- **Supplied data**
++++++++++++++++++++

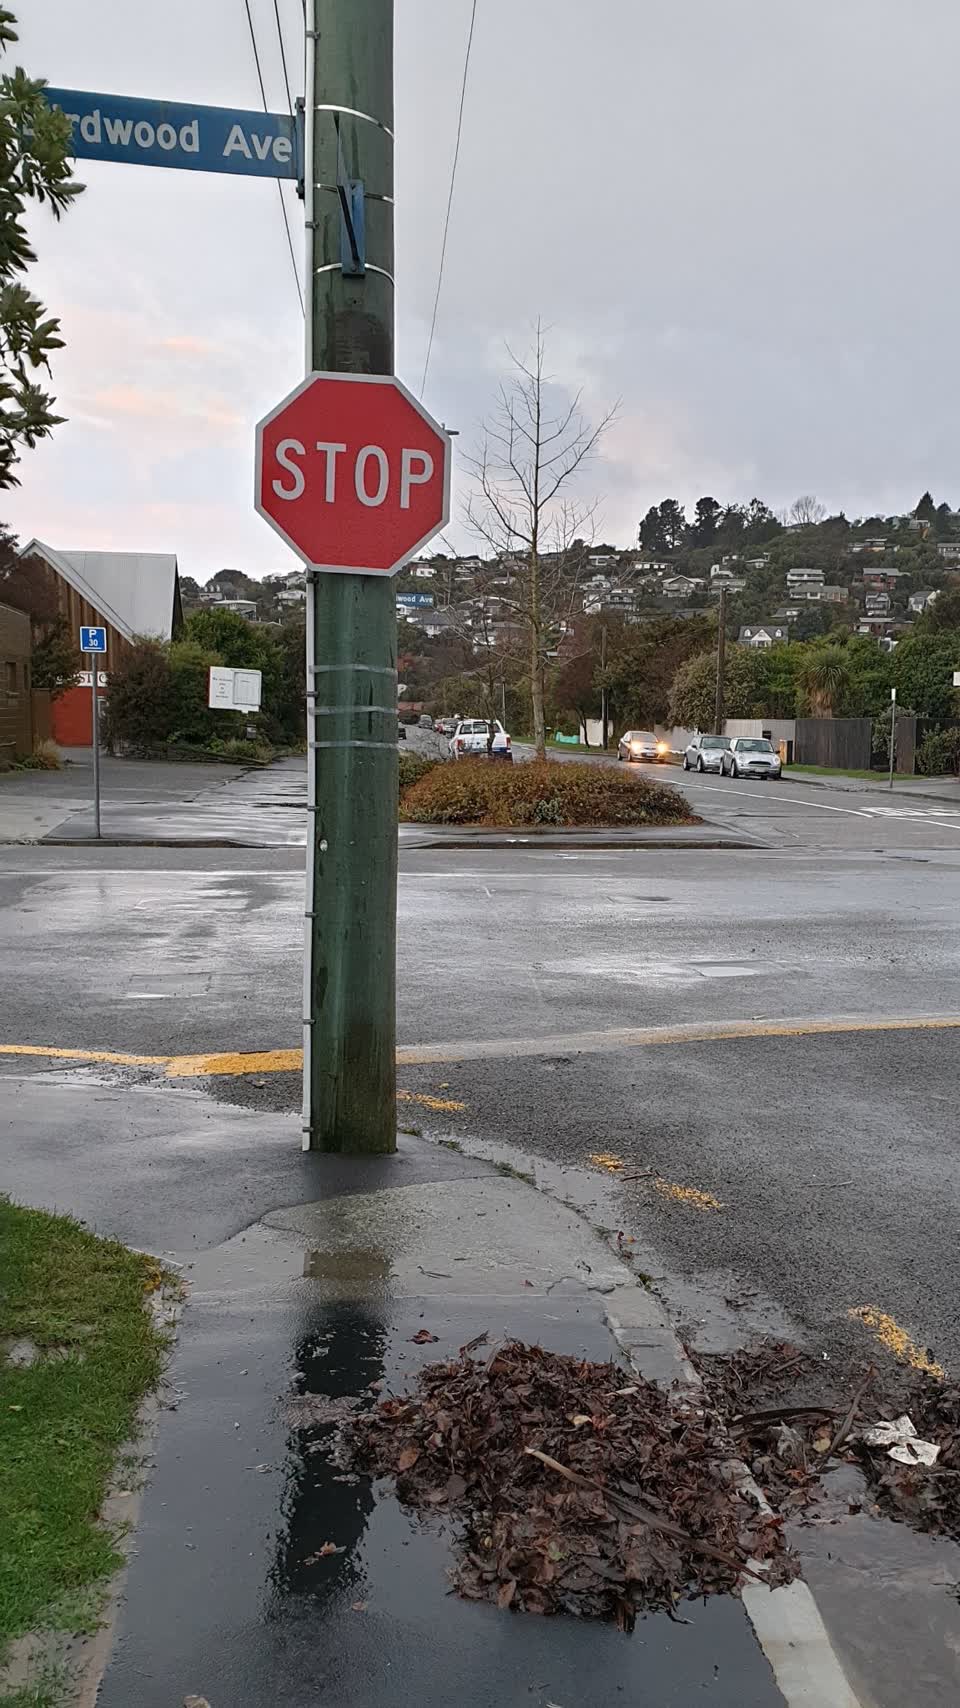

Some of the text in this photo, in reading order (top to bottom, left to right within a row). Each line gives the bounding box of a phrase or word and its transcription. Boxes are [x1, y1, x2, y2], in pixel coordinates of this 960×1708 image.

[23, 104, 293, 163] rdwood Ave
[272, 438, 434, 509] STOP
[88, 639, 99, 647] 30
[89, 629, 97, 639] P

++++++++++++++++++++

- **What is expected**
The output should consist of the records above, reproduced exactly, without pictures.

- **Response area**
Some of the text in this photo, in reading order (top to bottom, left to right within a row). Each line gives the bounding box of a phrase or word and its transcription. Boxes are [x1, y1, x2, y2], in pixel coordinates of this 960×1708 image.

[23, 104, 293, 163] rdwood Ave
[272, 438, 434, 509] STOP
[88, 639, 99, 647] 30
[89, 629, 97, 639] P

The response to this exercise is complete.